Sarà presentato in questi giorni alla Computer Vision and Pattern Recognition, una conferenza tenuta a Salt Lake City dal 19 al 21 giugno, il primo prototipo di software in grado di “vedere” nel futuro in modo da anticipare le azioni umane. L’idea e lo sviluppo provengono dai ricercatori tedeschi dell’Università di Bonn. E no, non siamo ancora ai livelli del film Minority Report, ma siamo sulla strada giusta per riuscire a prevedere anche i crimini!

L’addestramento

Gli scienziati hanno allenato la loro “creatura” [VIDEO] con il più semplice dei settori nel quale le azioni si devono necessariamente eseguire step-by-step: la cucina.

Tramite la visione di quaranta video infatti, in cui diversi Chef realizzavano la stessa colazione o la stessa insalata, il programma è riuscito a memorizzare le azioni e a prevedere in seguito che di lì a pochi minuti sarebbe avvenuta un’azione. Ad esempio, dopo che una persona ha preso una tazza, un cucchiaio e dei cereali il sistema riuscirebbe facilmente ad intuire che di lì a poco verrebbe preso il latte.
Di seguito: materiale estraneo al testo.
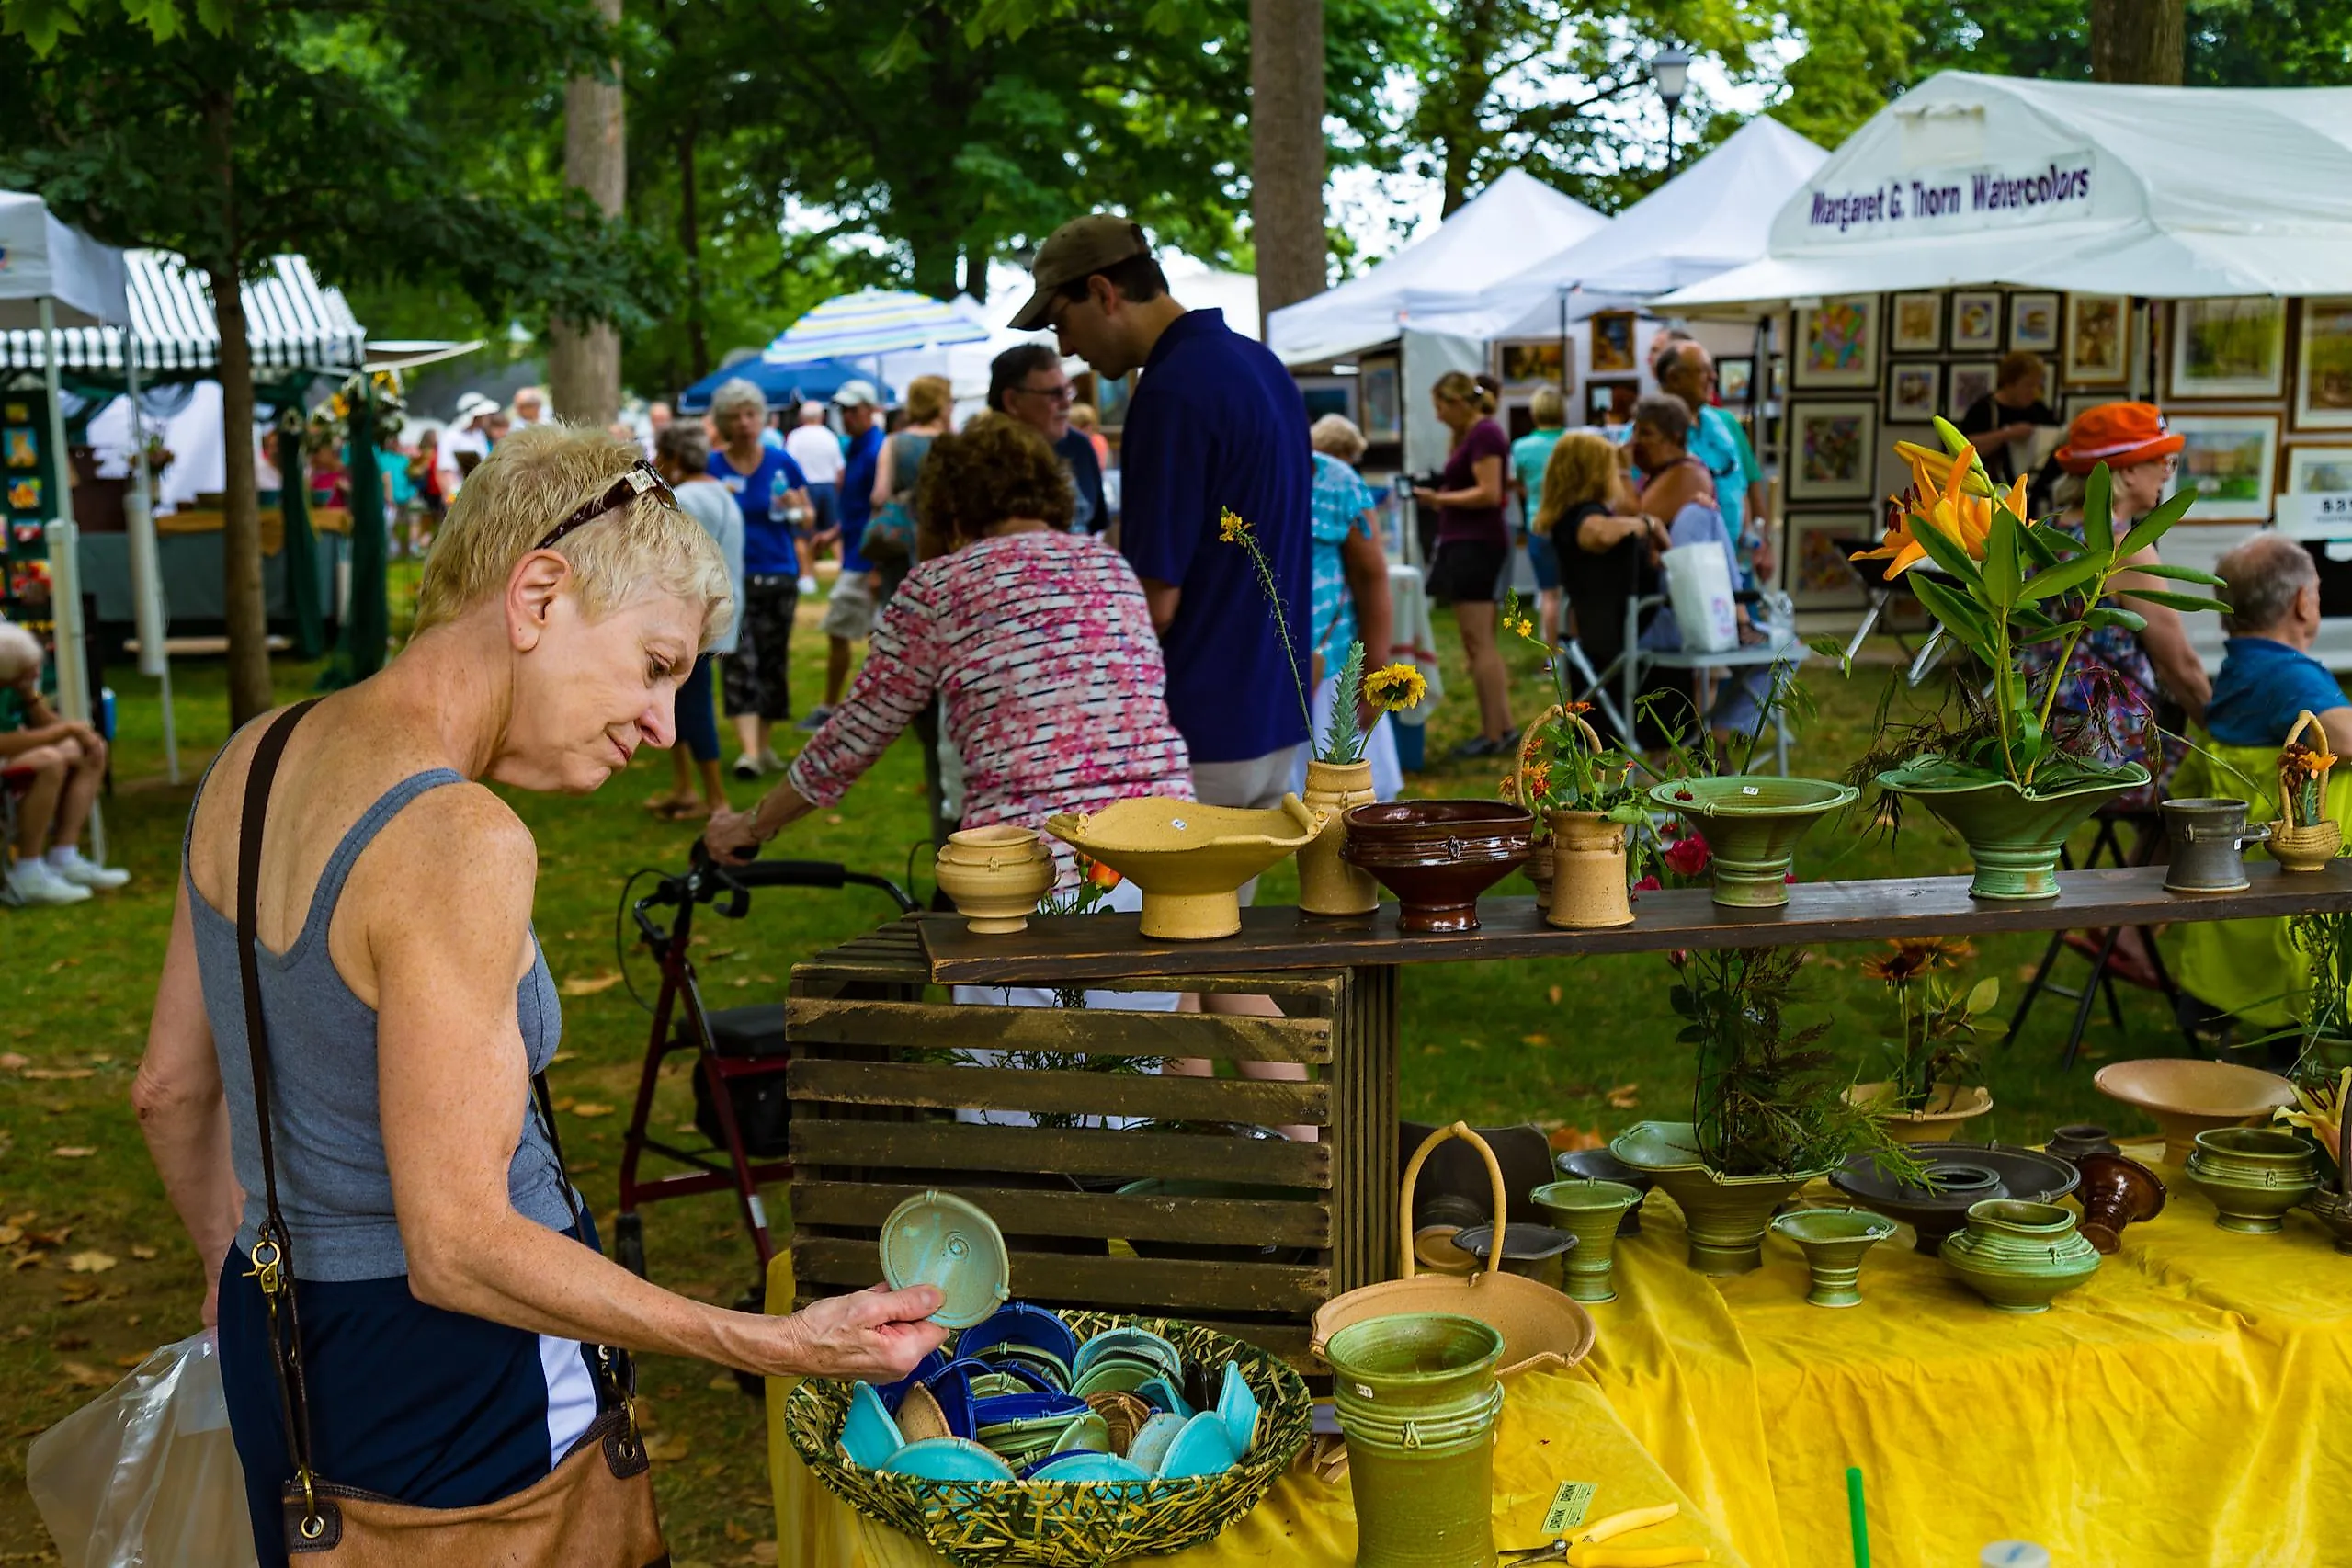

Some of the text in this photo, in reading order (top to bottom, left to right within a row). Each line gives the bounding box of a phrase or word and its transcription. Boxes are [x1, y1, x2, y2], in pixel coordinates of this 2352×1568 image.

[1811, 187, 1884, 233] Margaret
[1911, 180, 1960, 218] Thorn
[1972, 164, 2089, 210] Watercolors
[1549, 1508, 1566, 1528] DRINK
[1560, 1484, 1577, 1501] DRINK
L’obiettivo sarebbe quello di riuscire a prevedere i tempi e le varie durate delle azioni in secondi, minuti e perfino ore ancor prima che avvengano effettivamente, come afferma Jürgen Gall, a capo del team di ricerca.

Molti difetti, tante speranze

Per fare ciò, i ricercatori hanno utilizzato due approcci differenti: uno riflessivo, i cui risultati sono stati i più soddisfacenti, nel quale il programma anticipa le azioni future e riflette prima di ipotizzare la seguente, e un altro in cui il software ha costruito direttamente la matrice in un colpo solo senza analizzare prima le probabilità.

Nel primo caso i risultati sono stati notevoli per prevedere i primi venti secondi però quando si è trattato di prevederne quaranta entrambe le retineurali, sia quella riflessiva che quella “di getto”, hanno fallito andando in errore.

I risultati potrebbero sembrare a primo impatto non molto entusiasmanti, visto che ad oggi una volta formato e “istruito”, il programma riuscirebbe a prevedere di circa tre minuti il futuro nel 15% dei casi ma, come ogni idea o invenzione in stato embrionale, nasconde un potenziale enorme; in questo caso per lo sviluppo delle reti neurali [VIDEO] e, in generale, dell’intelligenza artificiale. Un giorno sarà infatti possibile applicare questa tecnologia per molteplici settori, dal caffè del mattino allo sviluppo della auto con guida autonoma.